Spring 1937. In the four years since she left England, Maisie Dobbs has experienced love, contentment, stability—and the deepest tragedy a woman can endure. Now, all she wants is the peace she believes she might find by returning to India. But her sojourn in the hills of Darjeeling is cut short when her stepmother summons her home to England: her aging father, Frankie Dobbs, is not getting any younger.
On a ship bound for England, Maisie realizes she isn't ready to return. Against the wishes of the captain who warns her, "You will be alone in a most dangerous place," she disembarks in Gibraltar. Though she is on her own, Maisie is far from alone: the British garrison town is teeming with refugees fleeing a brutal civil war across the border in Spain.
And the danger is very real. Days after Maisie's arrival, a photographer and member of Gibraltar's Sephardic Jewish community, Sebastian Babayoff, is murdered, and Maisie becomes entangled in the case, drawing the attention of the British Secret Service. Under the suspicious eye of a British agent, Maisie is pulled deeper into political intrigue on "the Rock"—arguably Britain's most important strategic territory—and renews an uneasy acquaintance in the process. At a crossroads between her past and her future, Maisie must choose a direction, knowing that England is, for her, an equally dangerous place, but in quite a different way.

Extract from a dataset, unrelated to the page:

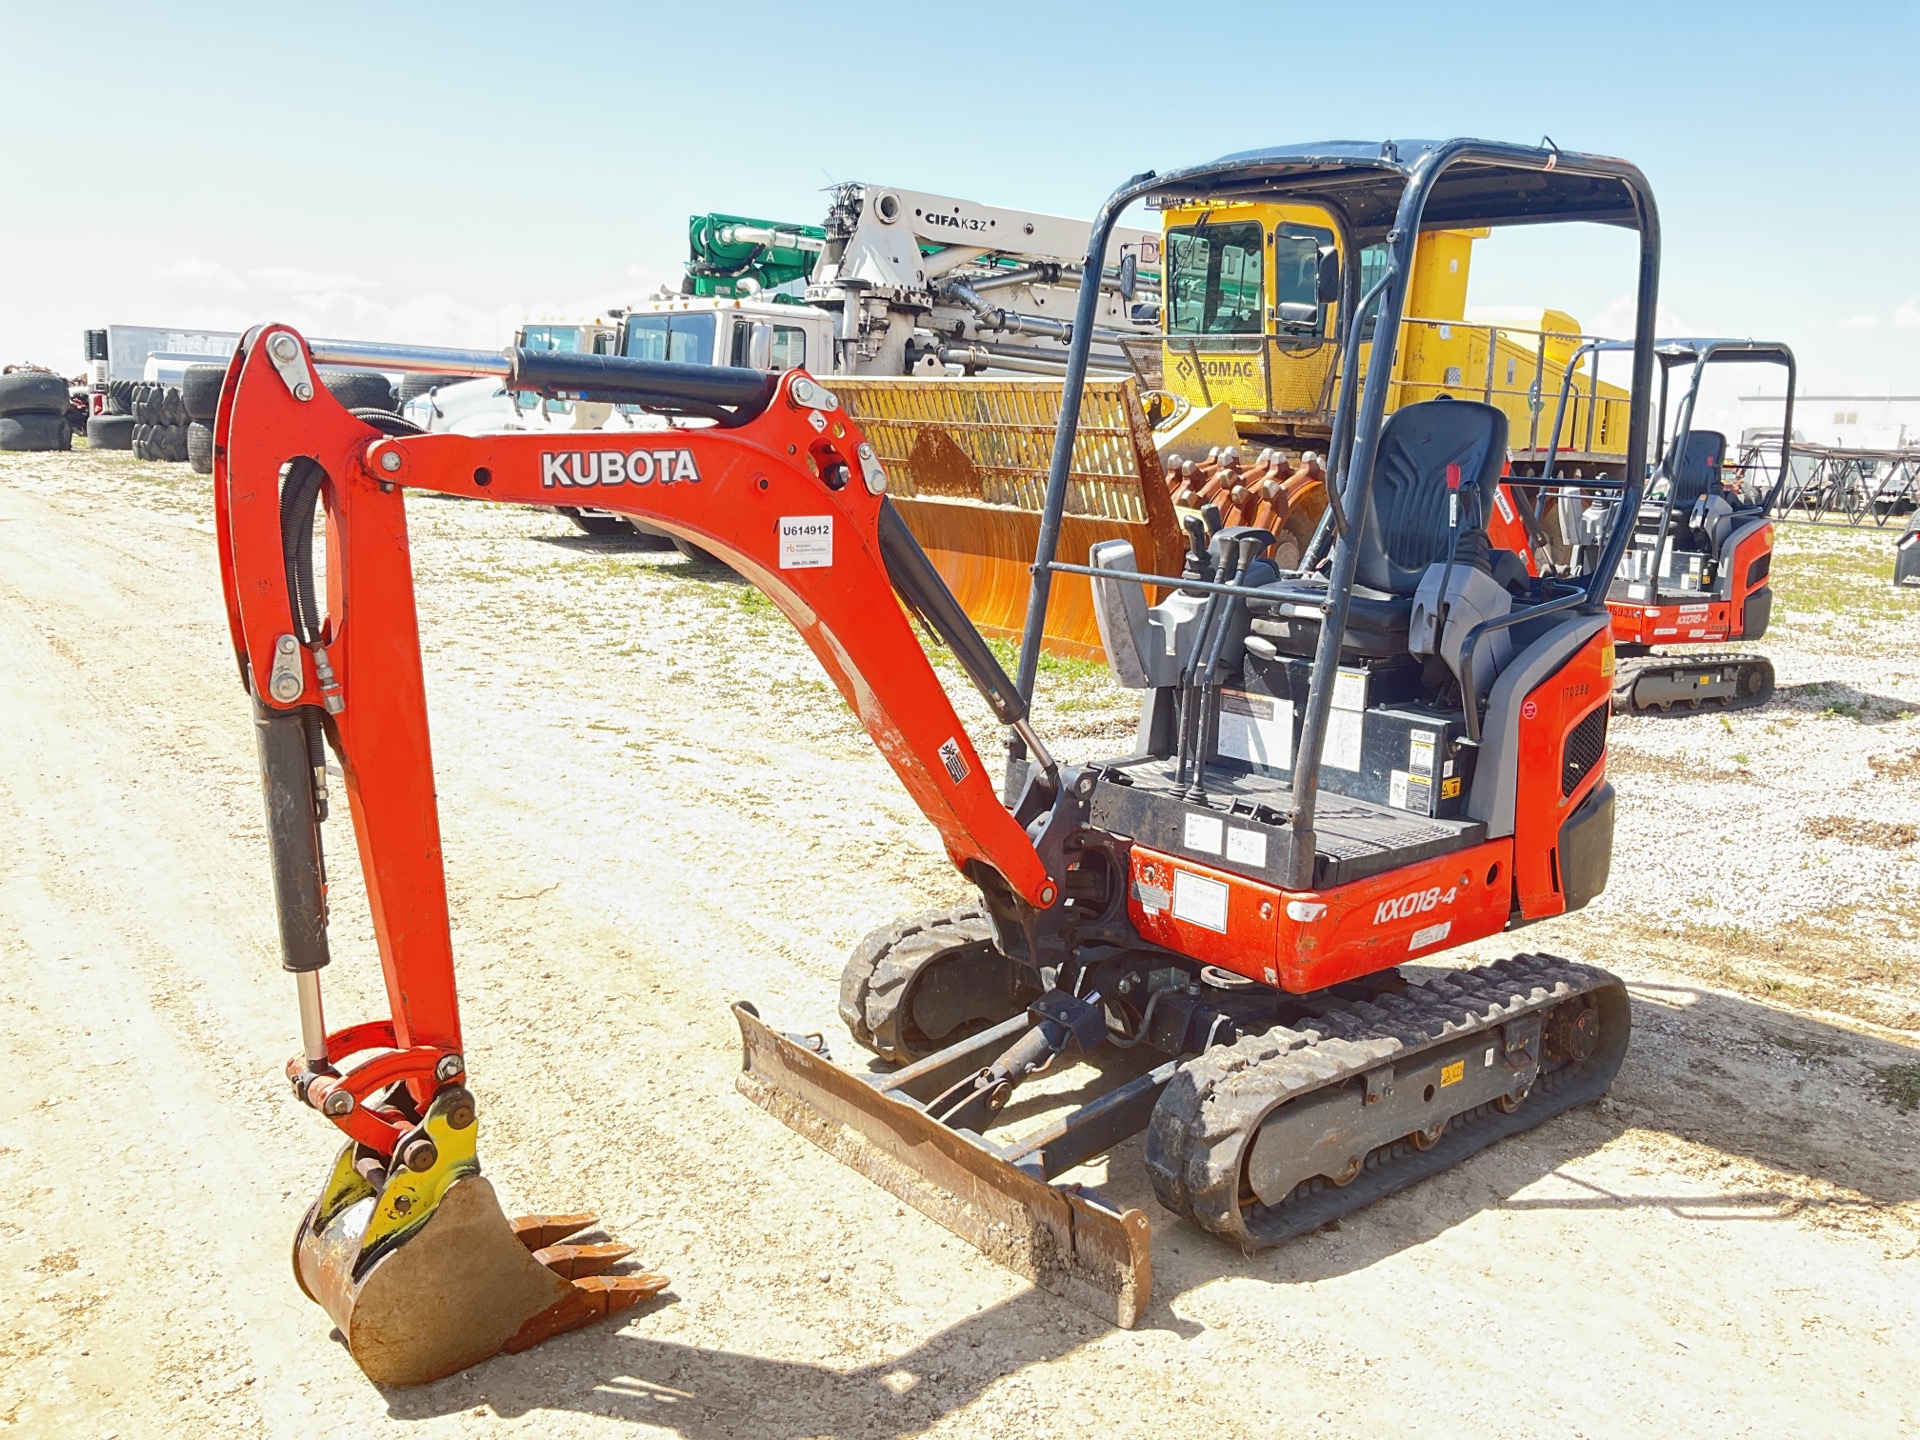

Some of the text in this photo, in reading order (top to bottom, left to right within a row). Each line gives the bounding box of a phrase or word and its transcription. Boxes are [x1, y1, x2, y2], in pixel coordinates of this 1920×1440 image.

There's an air of sadness that permeates this novel, and Maisie herself seems isolated and stubbornly unhappy. While it seems that she could find solace with her beloved father and friends, she prefers to throw herself into this dangerous case and she seems to lack compassion and the touch of psychic understanding that she usually displays. While I understand that everyone grieves differently, I was worried that Maisie would harm herself halfway through the novel, and by the end I was glad that she'd chosen to live and help others, but was distraught that she might never return home to her elderly father. Still, Maisie is a strong woman, and I am sure that she will come back to herself in the next novel, ready to take on the Nazi threat in WWII with her nursing and sleuthing skills. I'd give this novel an A, and recommend it to all the fans of Maisie Dobbs mysteries.